この回、もし大塚で決着がつかなければ、次は自分だ。
(どっちに転んでも、これが最後の打者になる)
そんな予感とともに、敦は大塚の背中を見送った。
バッターボックスに入った大塚は、一度バットを肩に担ぎ、深く息を吐いた。
初球、外角の様子見のストレート。見送りストライク。
二球目、インコース寄りのスライダー。これも見送ってボール。
カウント1―1。
三球目、外角低めへのストレート。
今度はわずかにストライクゾーンを外れた。
「ボール!」
2―1。
(ここで甘く来るか……?)
キャッチャーは、外角寄りにミットを構える。
だが、ピッチャーの指先から離れた球は、ほんのわずかに真ん中寄りへ抜けた。
甘い球。
大塚は、その瞬間を見逃さなかった。
踏み込んだ左足の上で体を回転させ、フルスイングする。
カキン!
打球は高くは上がらず、ライナー性の弾道で左中間へと飛んでいった。
「抜けろ!」
レフトとセンターが全力で追いかける。
二人の間を、白球が割った。
フェンスまで転がる打球。
三塁ランナーの村上は、打球が抜けた瞬間にホームへ向かって全力で走っていた。
続いて、二塁ランナーの中村も三塁を蹴ってホームへ。
スタンドから、悲鳴にも似た歓声が上がる。
レフトからの返球が内野に戻るより早く――
村上がホームベースを駆け抜けた。
「ゲームセット! 武庫工業、逆転サヨナラ勝ち!」
アナウンスの声が、歓声にかき消される。
スコアは、3対2。
宝陵高校を相手に、土壇場での逆転劇だった。
(勝った……)
敦はベンチ前でバットを握ったまま、その場にへたり込みそうになる膝をなんとかこらえた。

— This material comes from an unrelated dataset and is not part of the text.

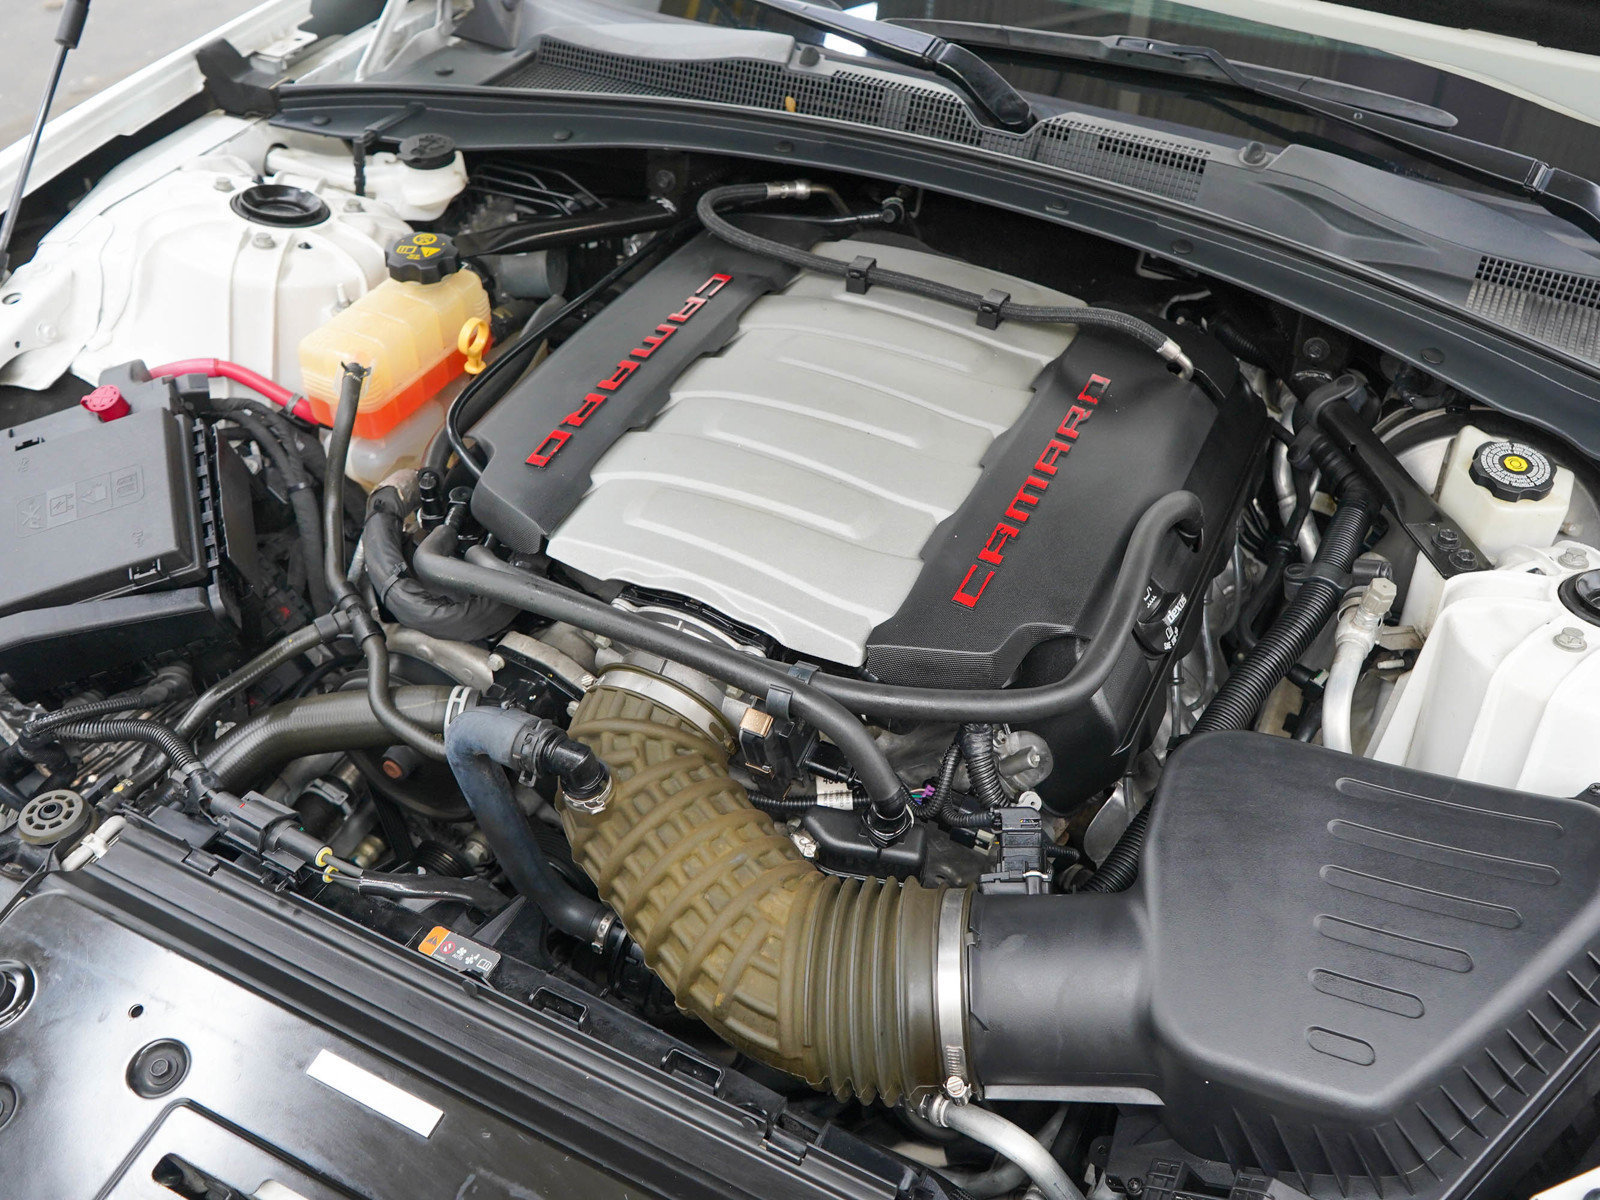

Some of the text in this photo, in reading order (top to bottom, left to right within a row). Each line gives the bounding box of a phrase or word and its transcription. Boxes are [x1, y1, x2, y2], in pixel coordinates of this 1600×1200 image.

[525, 273, 734, 468] CAMARO
[951, 373, 1112, 609] CAMARO
[1167, 594, 1187, 624] dexos

次の瞬間、グラウンドの中央で大塚に飛びつく仲間たちの輪が、どんどん膨らんでいく。
「主将、やりましたね!」「さすが四番!」
ヘルメットを脱いだ大塚は、照れくさそうに笑いながらも、力強く仲間たちの肩を抱き寄せていた。
そこへ、敦も遅れて駆け寄る。
「ナイスバッティングです、主将」
「お前があそこで止めてくれてなかったら、こんな場面もなかったけどな」
大塚は、さっきのライトからの本塁送球を思い出すように、敦の肩を軽くたたく。
「次はお前が決める番だ。どんどん前に出てこい」
「……はい!」
敦は、少しだけ目頭が熱くなるのを感じながら、全力で返事をした。
*
整列と校歌斉唱を終え、ベンチに戻る途中。
敦は、満員に近いスタンドを一度だけ振り返った。
歓声は少しずつ落ち着き、代わりに拍手が長く続いている。
(タイムリープして戻ってきた高校一年の夏で――本当に、こんな試合ができるとは思ってなかったな)
胸の奥で、じわりと実感が広がる。
その肩を、大塚が横から軽くつかんだ。
「山下。ここからだぞ」
「はい?」
「ここから先は、全部“初めて”の景色だ。
遠慮せず、全部取りに行くぞ。甲子園の景色も、その先も」
大塚の言葉に、敦は小さく笑った。
「じゃあ、遠慮なく肩を並べさせてもらいます」
「上等だ」
二人は顔を見合わせて笑い、そのままベンチへと歩き出した。